▶ **Directions**: From the line containing "Some of the text" through the last line of the entries below, repeat each line word for word and leave out the rest.

▶ **Entries provided**:
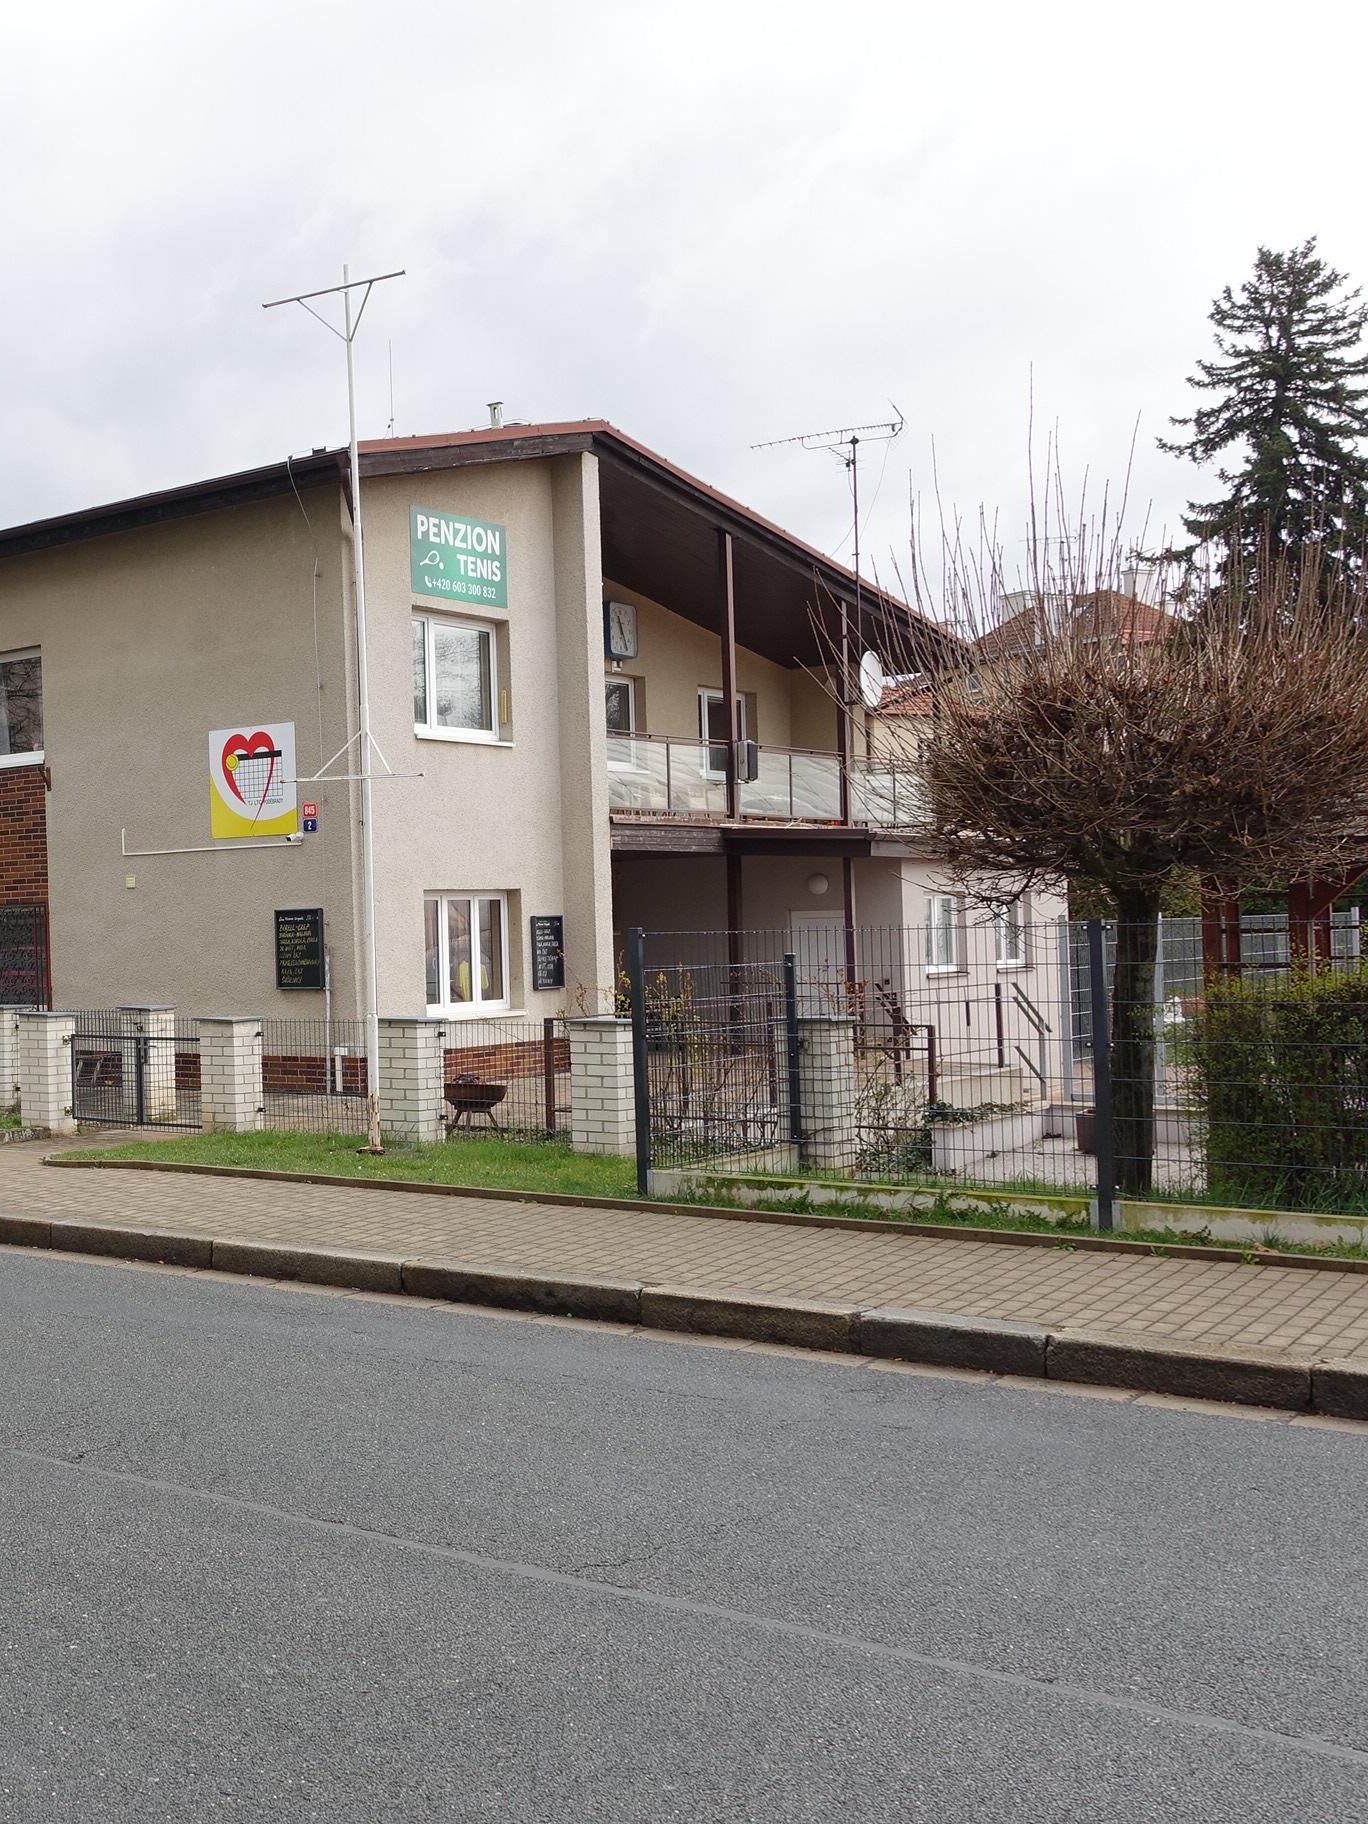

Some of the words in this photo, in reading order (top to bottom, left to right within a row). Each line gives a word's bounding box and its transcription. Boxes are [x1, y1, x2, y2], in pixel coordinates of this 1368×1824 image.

[416, 514, 501, 555] PENZION
[456, 553, 501, 582] TENIS
[432, 578, 451, 590] +420
[452, 580, 466, 593] 603
[468, 583, 481, 596] 300
[483, 586, 496, 598] 832
[304, 805, 315, 816] 845
[307, 821, 312, 830] 2
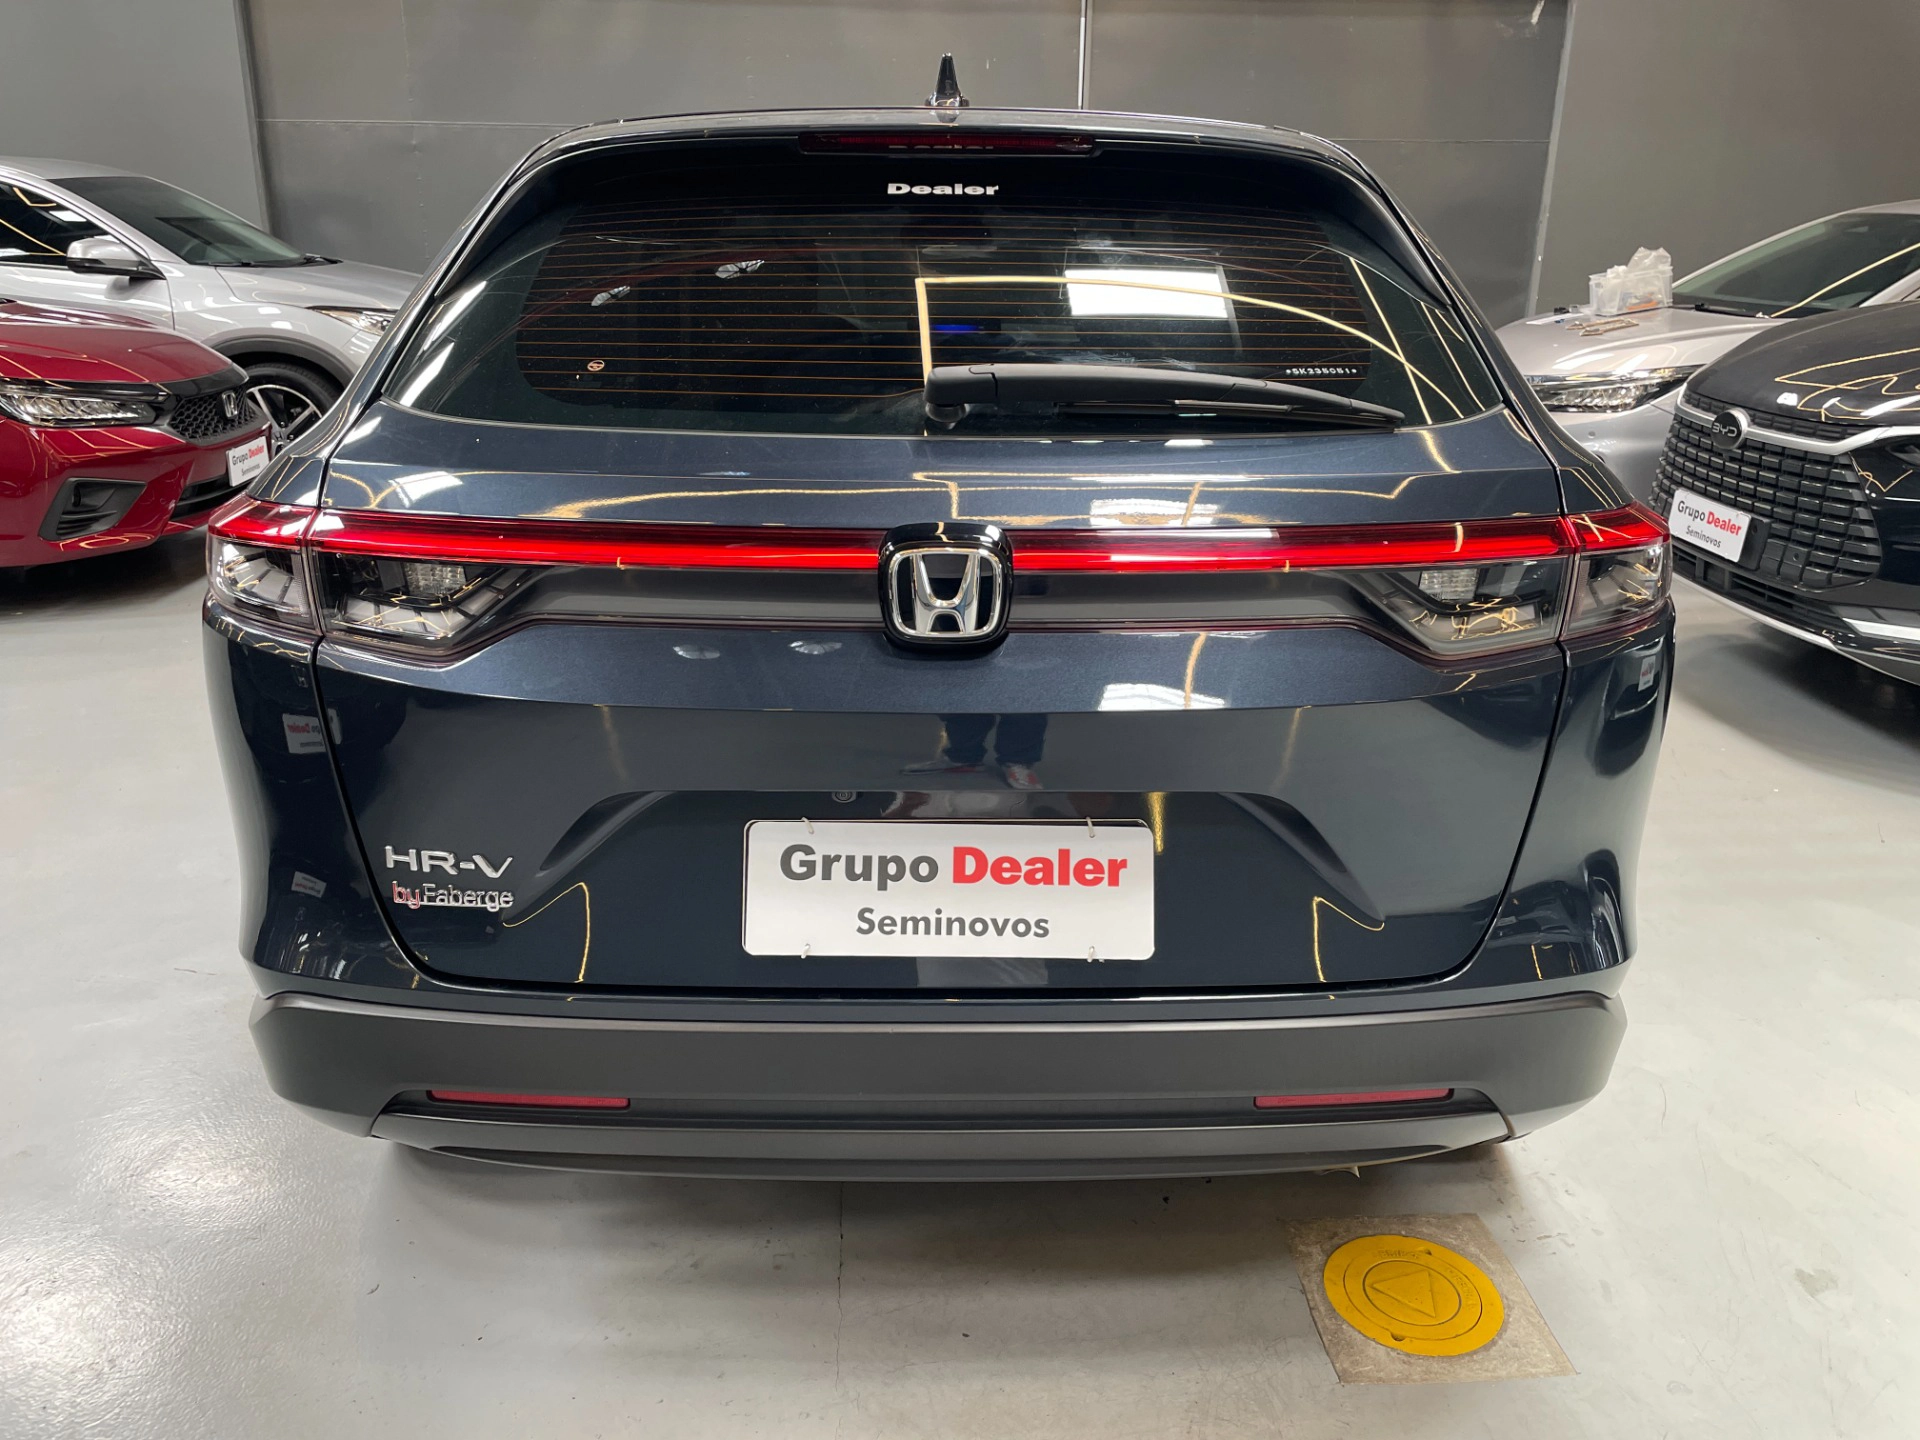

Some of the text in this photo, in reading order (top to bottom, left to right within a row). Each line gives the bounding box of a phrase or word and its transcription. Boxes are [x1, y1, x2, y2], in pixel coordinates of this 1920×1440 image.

[886, 183, 999, 195] Dealer
[1711, 422, 1738, 437] BYD
[1677, 500, 1742, 536] Grupo Dealer
[1685, 525, 1722, 548] Seminovos
[384, 845, 513, 879] HR-V
[779, 843, 1128, 892] Grupo Dealer
[855, 906, 1051, 939] Seminovos

▶ **Answer below**:
Some of the text in this photo, in reading order (top to bottom, left to right within a row). Each line gives the bounding box of a phrase or word and its transcription. Boxes are [x1, y1, x2, y2], in pixel coordinates of this 1920×1440 image.

[886, 183, 999, 195] Dealer
[1711, 422, 1738, 437] BYD
[1677, 500, 1742, 536] Grupo Dealer
[1685, 525, 1722, 548] Seminovos
[384, 845, 513, 879] HR-V
[779, 843, 1128, 892] Grupo Dealer
[855, 906, 1051, 939] Seminovos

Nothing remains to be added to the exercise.